Tim McArdle, Criminal Defence Solicitor at Olliers, advises in relation to the new offence of Sexual Communication with a Child coming into force on 3rd April 2017.
There is no doubt that the new offence of engaging in communication with a child under the age of 16 for the purpose of obtaining sexual gratification will be welcomed by many involved in the Criminal Justice System and beyond.
When is sexual communication with a child deemed an offence?
Sensibly, the new legislation effectively reduces the level of criminality required to commit an offence when an adult is in communication with a child under the age of 16, provided the communication is sexual or intended to encourage a child to make a sexual communication. In general terms, the previous (existing) legislation was such that there must be an incitement to engage in sexual activity or one’s conduct must have amounted to grooming in order to commit an offence.
Cut and dried exchanges of sexual texts, emails or conversations in chat rooms between adult and child, if the age of the child is clear, will almost certainly be deemed criminal and, if exposed or complained of, result in charge.
Reasonable belief regarding age
The situation is less clear when one thinks practically. Having dealt with a number of cases involving the use of ‘teen chat rooms’, it is apparent that the age of the users is not always specified. In such cases the authorities may well have difficulty proving the age of a child was known, or that the adult did not ‘reasonably believe’ the child to be 16 or over’. Despite the Court’s wide interpretation, via caselaw, of ‘sexual gratification’ the position is still not entirely clear. Apparently, it ‘may take any of the myriad forms which sexual pleasure or indulgence may take’ – what does that mean exactly?

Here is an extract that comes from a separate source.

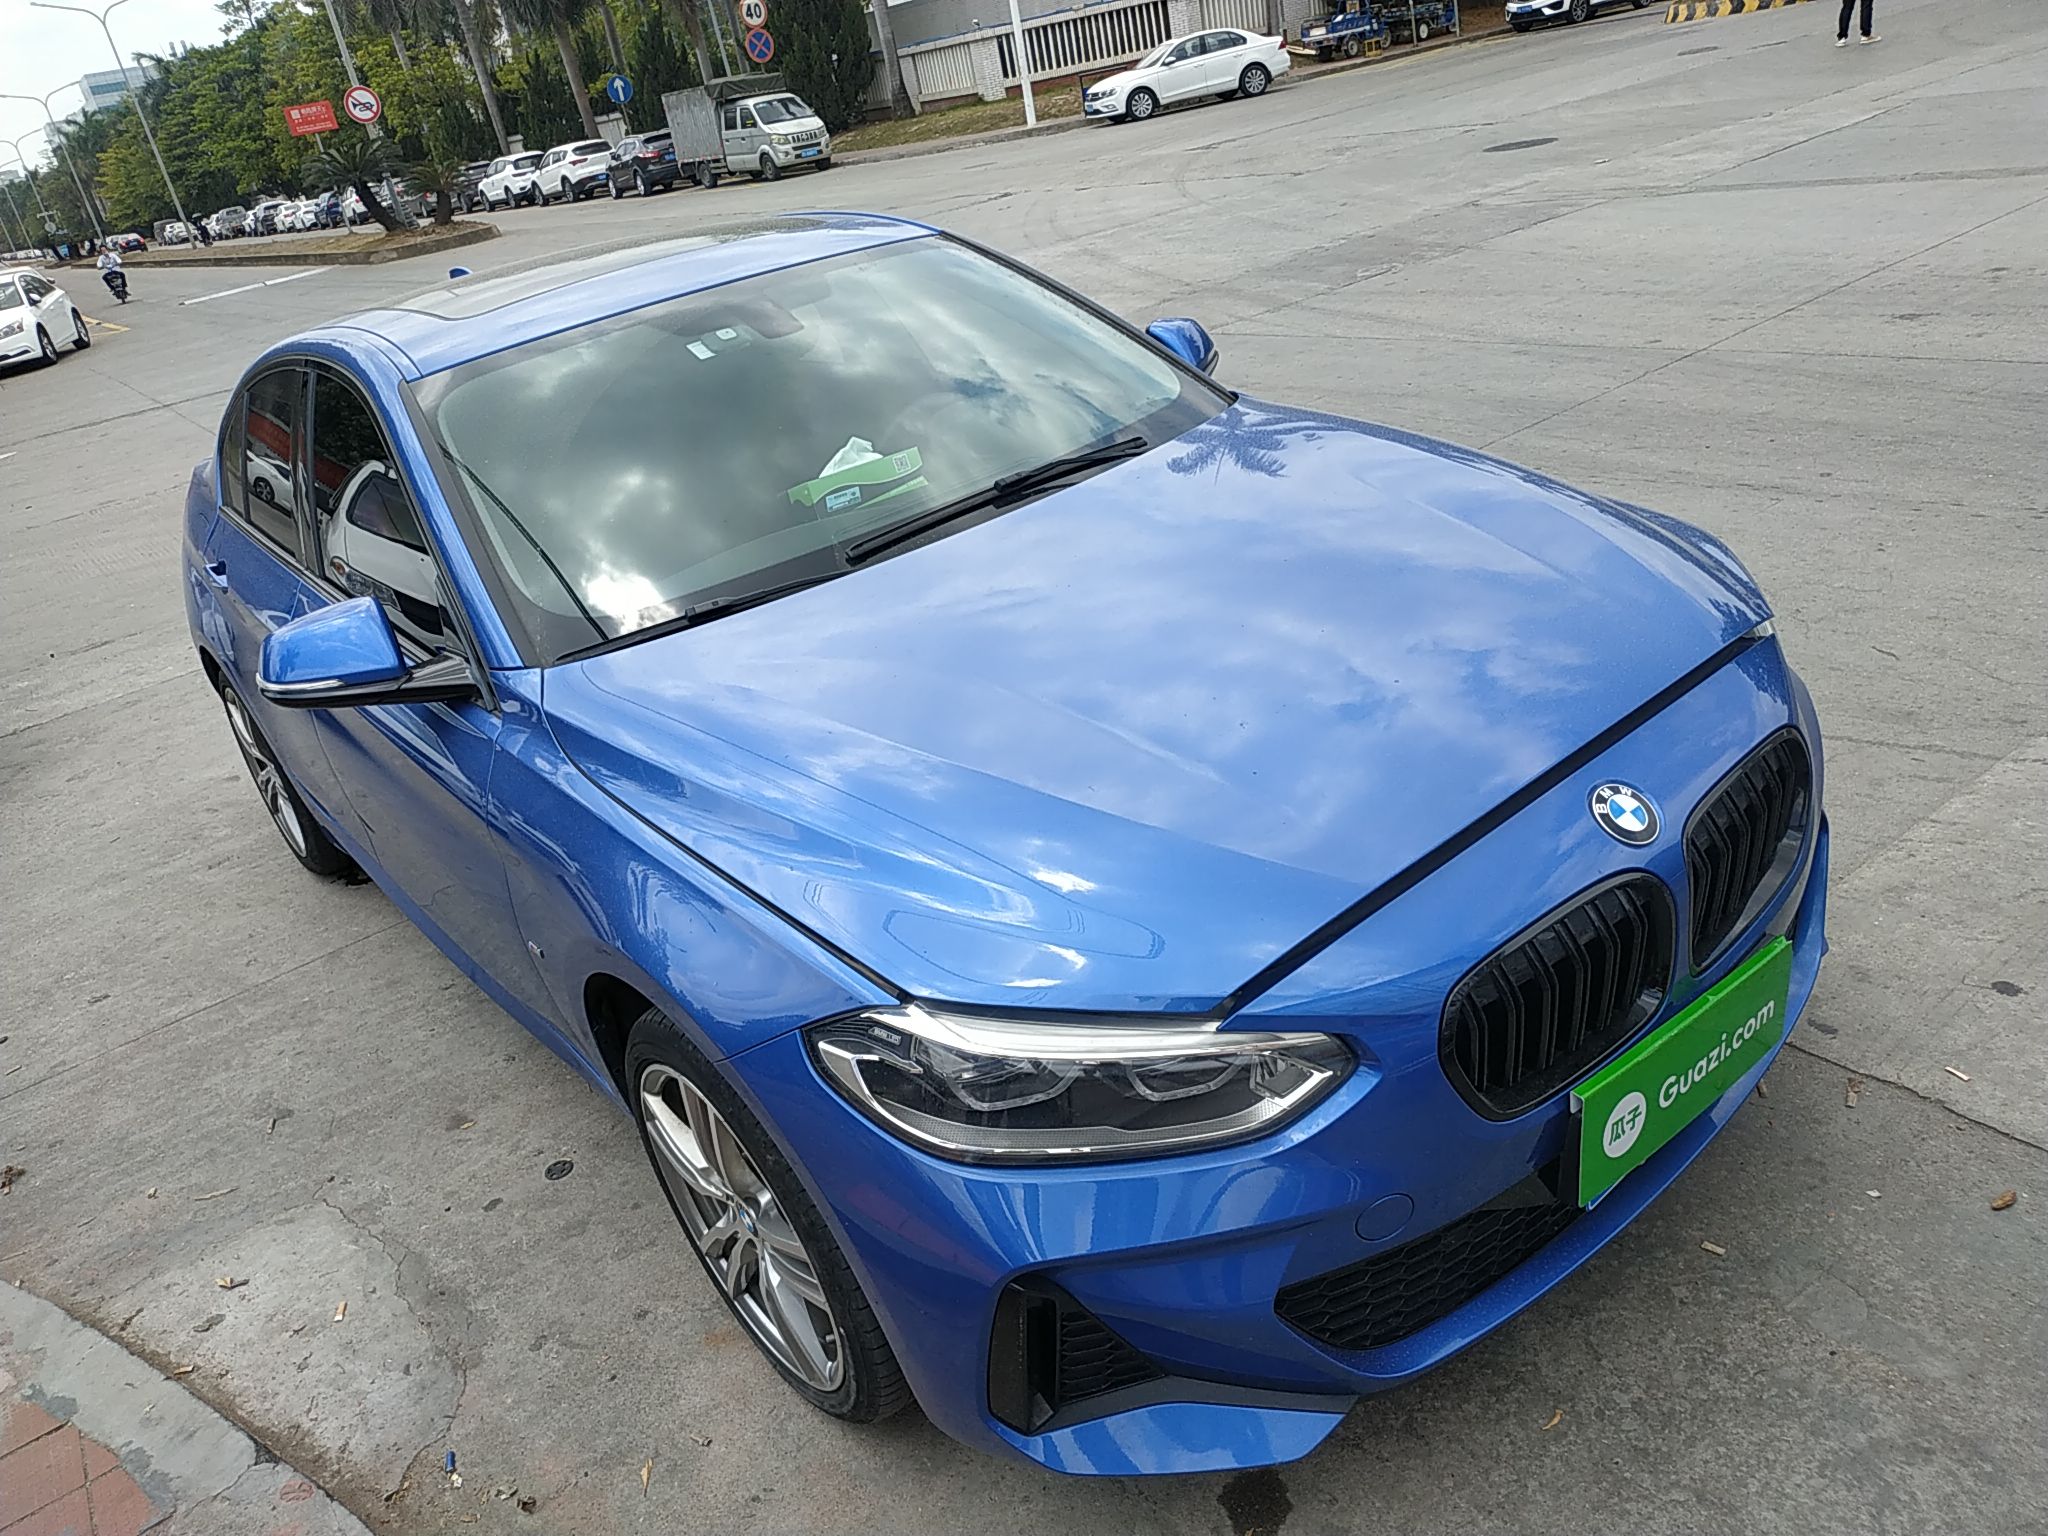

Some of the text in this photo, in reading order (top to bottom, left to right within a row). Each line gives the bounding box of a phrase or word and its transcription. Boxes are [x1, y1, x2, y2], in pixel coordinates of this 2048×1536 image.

[745, 3, 761, 19] 40
[1595, 786, 1632, 814] BMW
[1608, 1000, 1775, 1146] 瓜子 Guazi.com

Additionally, the provision makes no allowance for the exuberance of youth. The legislation would criminalise the 18 year old sixth former engaged in sexual communication (or flirting) with a 15 year old school leaver. How many of us would be content to see our children face potentially life changes charges as a result? Unfortunately the public interest test in sexual cases seems to be more often left to a jury to decide.
In summary, the legislation is clearly designed to close a loophole which previously required perhaps too much of the Crown to demonstrate communication between adult and child was unlawful. It will be interesting to see how this law develops in the near future.
This new offence is classed as an either-way offence, which means the case can be heard, either in the Magistrates’ Court or the Crown Court. The new offence will carry a maximum custodial sentence of two years and therefore lead to being automatically placed on the Sex Offenders Register.